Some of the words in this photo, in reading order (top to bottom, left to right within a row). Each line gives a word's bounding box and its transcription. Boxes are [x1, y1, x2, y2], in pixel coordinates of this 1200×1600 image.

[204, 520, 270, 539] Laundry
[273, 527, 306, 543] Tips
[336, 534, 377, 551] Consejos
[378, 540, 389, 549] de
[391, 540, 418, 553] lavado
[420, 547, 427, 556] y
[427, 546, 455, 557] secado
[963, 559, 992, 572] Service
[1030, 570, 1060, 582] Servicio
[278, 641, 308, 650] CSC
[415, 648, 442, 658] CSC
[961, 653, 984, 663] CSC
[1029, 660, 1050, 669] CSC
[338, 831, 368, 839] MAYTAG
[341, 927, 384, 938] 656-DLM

--- --- ---

● ACTIVITY: Once you have read the listing above, set it down again without alteration.

● WRITTEN ANSWER:
Some of the words in this photo, in reading order (top to bottom, left to right within a row). Each line gives a word's bounding box and its transcription. Boxes are [x1, y1, x2, y2], in pixel coordinates of this 1200×1600 image.

[204, 520, 270, 539] Laundry
[273, 527, 306, 543] Tips
[336, 534, 377, 551] Consejos
[378, 540, 389, 549] de
[391, 540, 418, 553] lavado
[420, 547, 427, 556] y
[427, 546, 455, 557] secado
[963, 559, 992, 572] Service
[1030, 570, 1060, 582] Servicio
[278, 641, 308, 650] CSC
[415, 648, 442, 658] CSC
[961, 653, 984, 663] CSC
[1029, 660, 1050, 669] CSC
[338, 831, 368, 839] MAYTAG
[341, 927, 384, 938] 656-DLM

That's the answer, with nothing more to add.